Cezaya karşı çıkanlar:
*İnsanın yaşama hakkı elinden alınıyor. Devletin adeta intikam alması gibi bir olay…
*Caydırıcı özelliği yoktur. Öyle olsaydı; ABD’de Çin’de ve İran’da daha az ağır suç işlenirdi. Hiç de öyle görünmüyor
*Geçmişte birçok ülkede bazı kişiler, infaza dakikalar kala yeni delillerle beraat ettiler.
*Mahkûmun suçsuzluğunun anlaşılması halinde geri dönüşü yoktur.
* Şiddet şiddeti davet eder, mahkûm, pişman olmak şansından yoksun bırakılıyor.
*Böyleleri için ölüm bir kurtuluştur. Ağırlaştırılmış müebbet hapisle, yaşadığı sürece hücresinde acı çekiyor.
DÜŞÜNÜLMESİ GEREKİYOR
Ortaya çıkan vahşi olaylar karşısında toplumun tepkileri anlaşılabilirdir. Ne var ki uygar dünyanın yönelimi idam cezasının kaldırılması yönündedir.
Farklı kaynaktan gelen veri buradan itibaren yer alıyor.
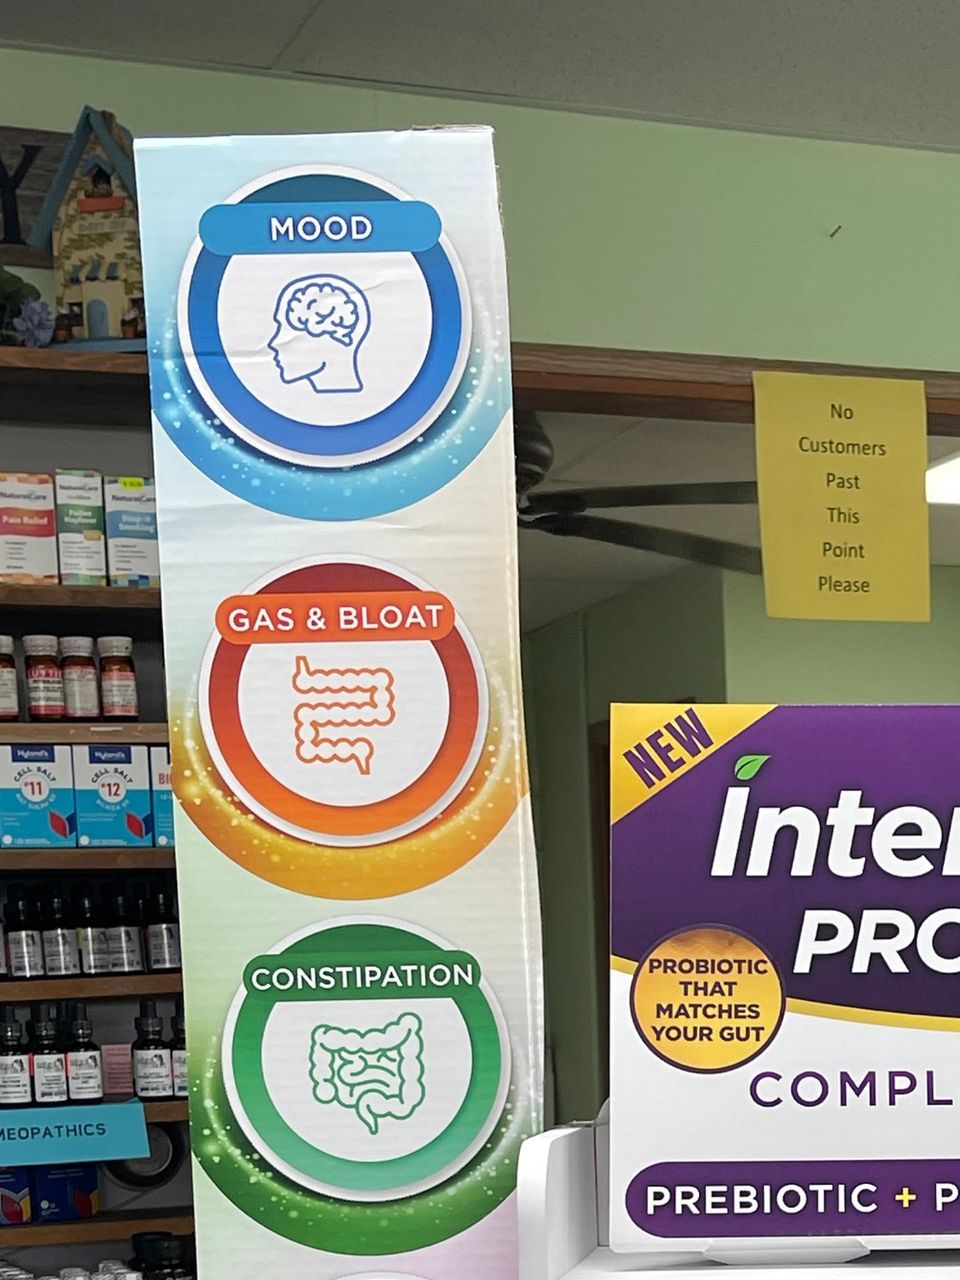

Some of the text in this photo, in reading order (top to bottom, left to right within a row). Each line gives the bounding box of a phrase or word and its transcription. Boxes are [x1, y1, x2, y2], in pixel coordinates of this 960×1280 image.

Ülkede yaşanan tarihsel sürece dayalı gelişmeler, bir anlık öfke ve tepkilerle geri döndürülemez.
İdamın; geri dönülmesi mümkün olmayan bir ceza olması, mahkûmun ileride suçsuz olduğunun ortaya çıkması ihtimali çok önemli bir gerekçedir.
Geçmişte Adnan Menderes ve siyaset arkadaşlarına; Deniz Gezmiş ve yoldaşlarına uygulanan bu cezalar ve gerekçelerini düşünürsek, idam cezasını yeniden geri getirme düşüncemizi gözden geçirmemiz gerektiği açıktır.